7. In ihren Kommentaren betonten viele FOMC-Mitglieder die Stärke der Investitionen. Die Konsumschwäche im zweiten Quartal wurde als temporär angesehen. Was die Fiskalpolitik angeht, so wurde erwartet, dass sie 2005 kontraktiv sein werde. Allerdings sei diese Erwartung mit nicht unerheblichen Unsicherheiten behaftet. Denn viele Staaten und Gemeinden würden ihre Ausgaben in Reaktion auf eine sich aufhellende Budgetsituation erhöhen. Die Nettoexporte würden weiter negativ bleiben.

Geldpolitische Diskussion im FOMC

8. In der geldpolitischen Diskussion unterstützten alle Mitglieder des FOMC eine Erhöhung der Leitzinsen auf 1,25 %. Die Ausgestaltung des Zinserhöhungszyklus werde allerdings von der Datenentwicklung bestimmt. Ob die Zinstreppe in maßvollen ("measured") Schritten hinaufgestiegen werden könne, darüber herrschte Uneinigkeit. Bei Auftreten von Inflationsgefahren müsse auch aggressiver vorgegangen werden.

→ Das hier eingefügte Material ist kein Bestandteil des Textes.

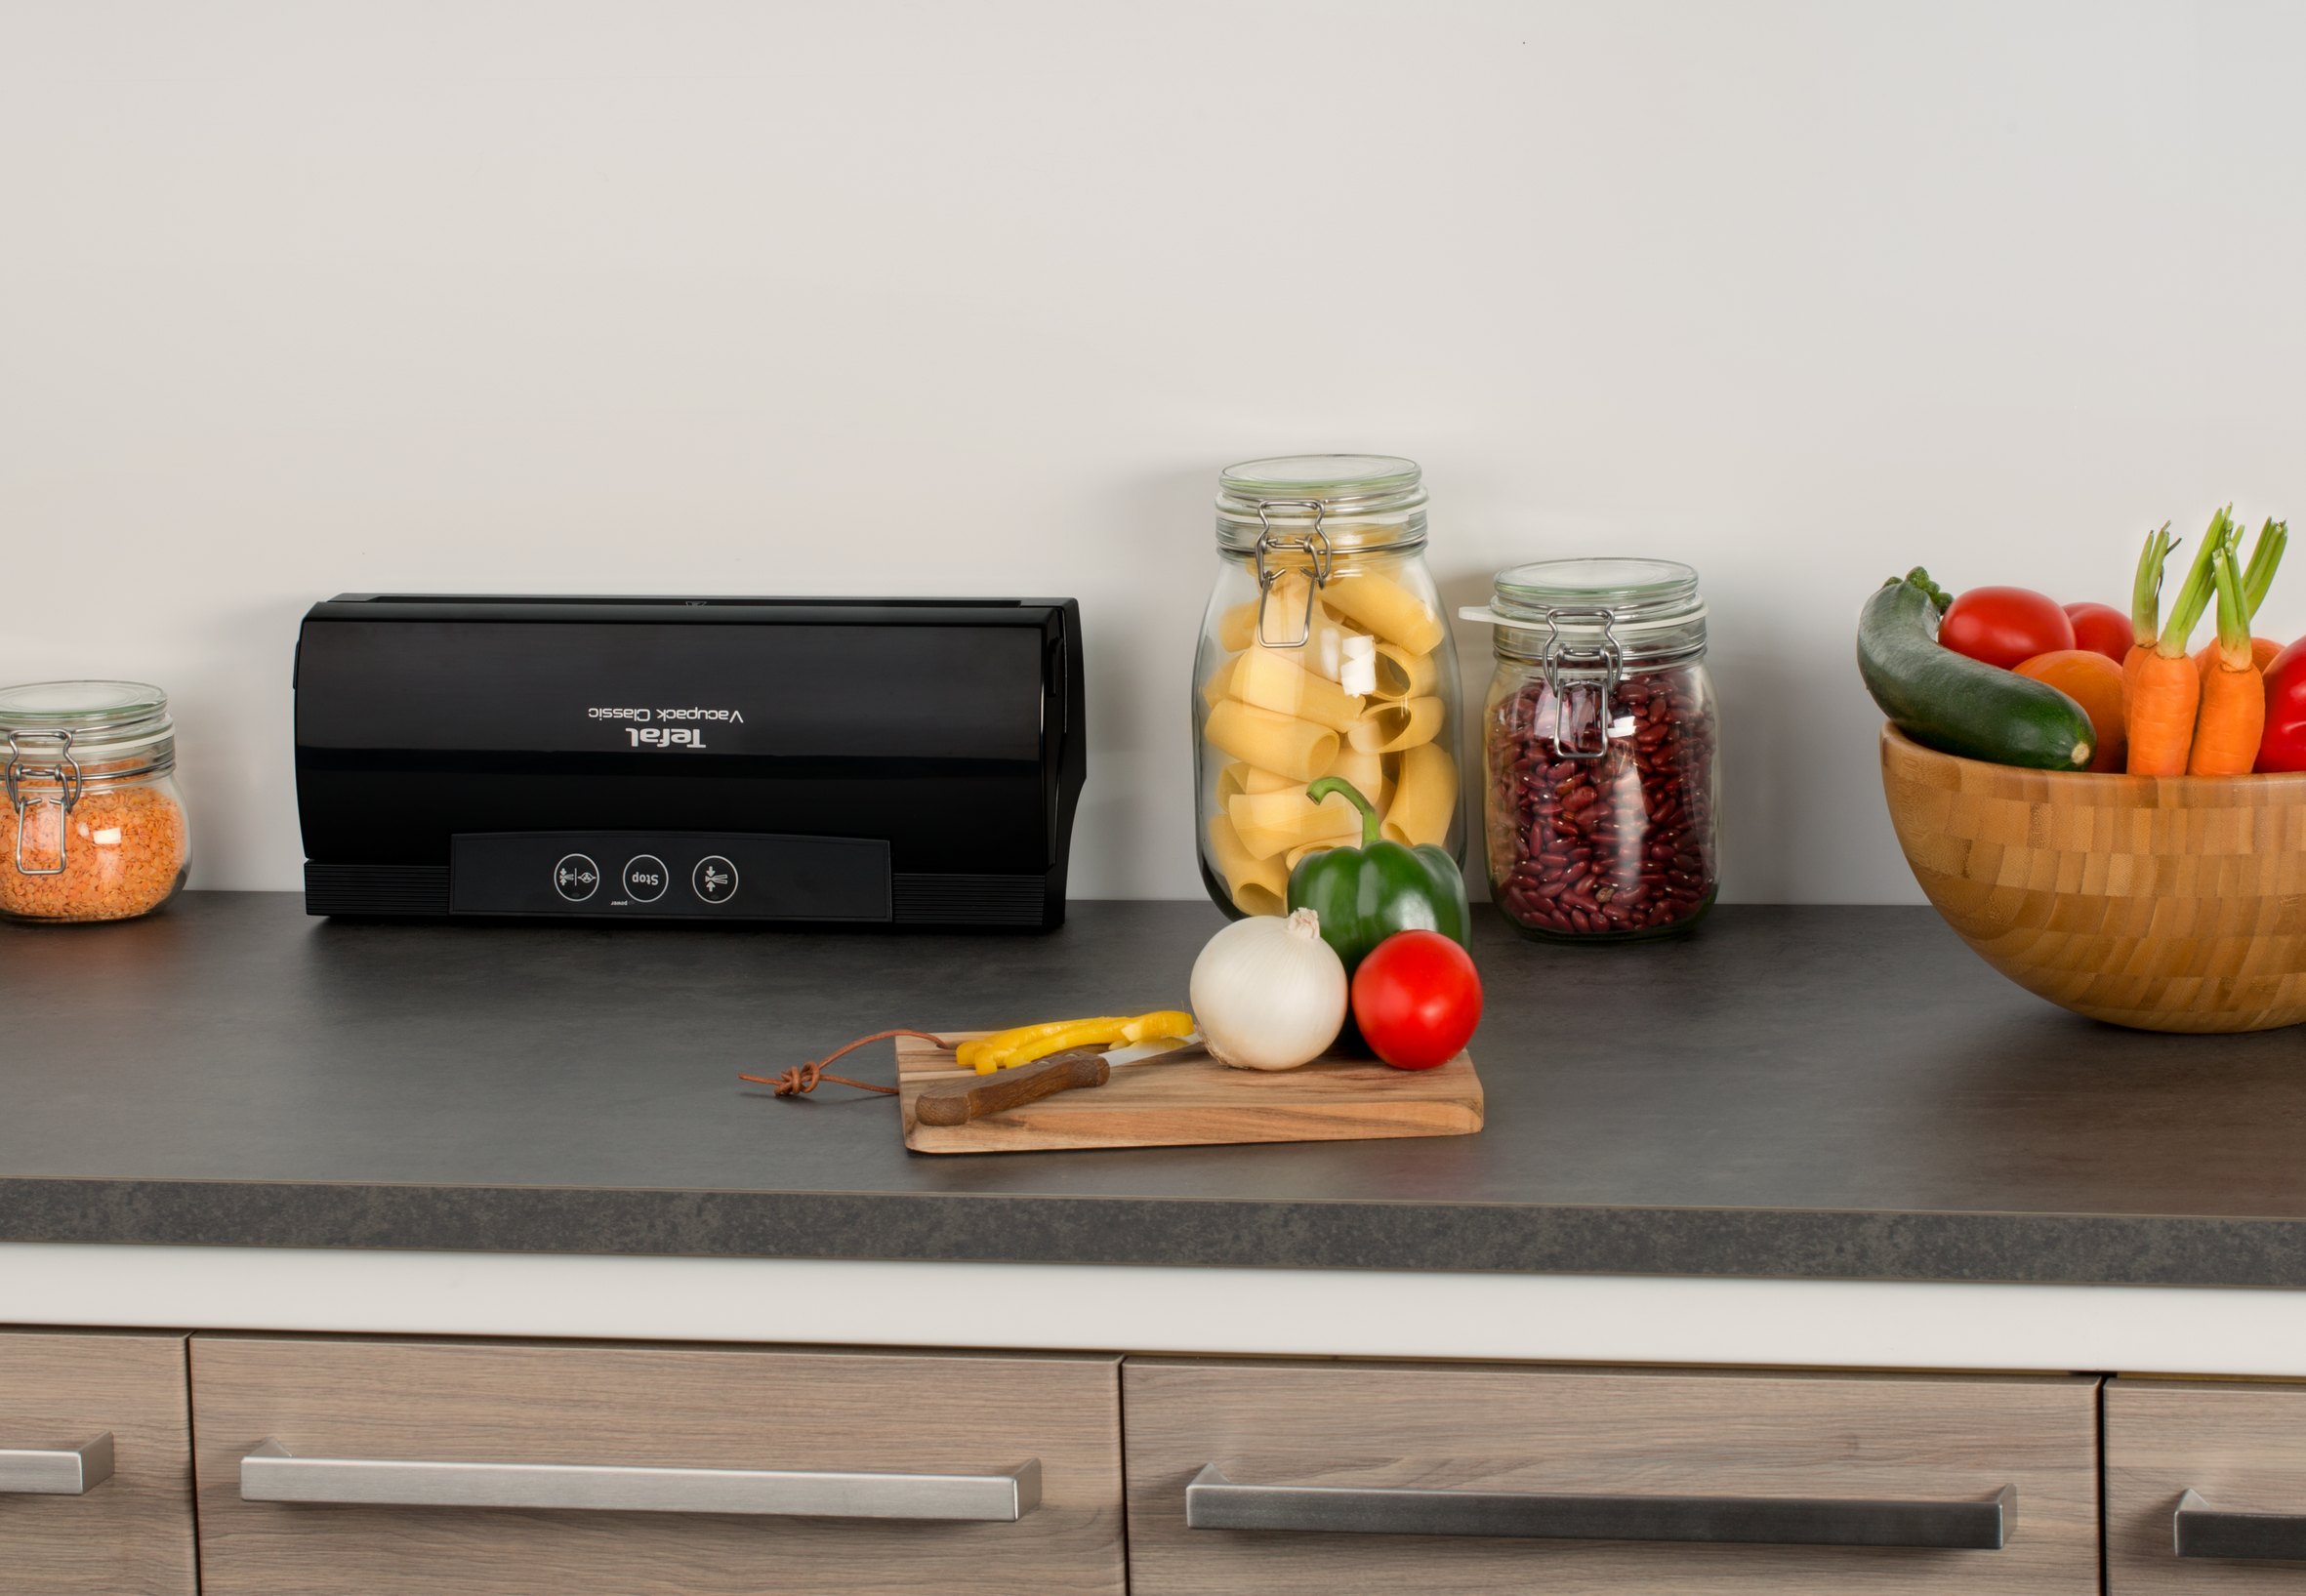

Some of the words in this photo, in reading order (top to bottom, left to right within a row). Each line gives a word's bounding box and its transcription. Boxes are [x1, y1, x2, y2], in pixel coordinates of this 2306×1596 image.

Einige Mitglieder sahen größere Risiken für die Inflation als für die Konjunktur, falls nicht weitere Leitzinserhöhungen vorgenommen würden.

Die Deka-Sicht

9. Die Minutes vom Juni-Meeting bieten nicht viel Neues für unseren weiteren Zinsview, insbesondere da die Konjunkturdaten sich seit dem Meeting wieder eintrübten, und wir unsere BIP-Prognosen herunternehmen mussten. Das Risiko einer abrupten Anpassung des US-Leistungsbilanzdefizits wird von uns nur mit einer geringen Wahrscheinlichkeit beziffert. Wir gehen von einer graduellen Abwertung des US-Dollars und eines langsamen Abbaus des Leistungsbilanzdefizits aus. Was den weiteren Zinsausblick angeht, so erwarten wir, dass die Fed am 21. September die Leitzinsen um 25 BP auf ein Niveau von dann 1,75 % erhöhen wird.

Quelle: DekaBank

Die DekaBank ist im Jahr 1999 aus der Fusion von Deutsche Girozentrale - Deutsche Kommunalbank- und DekaBank GmbH hervorgegangen. Die Gesellschaft ist als Zentralinstitut der deutschen Sparkassenorganisation im Investmentfondsgeschäft aktiv. Mit einem Fondsvolumen von rund 130 Mrd. Euro gehört die DekaBank zu den größten Finanzdienstleistern Deutschlands. Im Publikumsfondsgeschäft hält der DekaBank-Konzern einen Marktanteil von etwa 20 Prozent.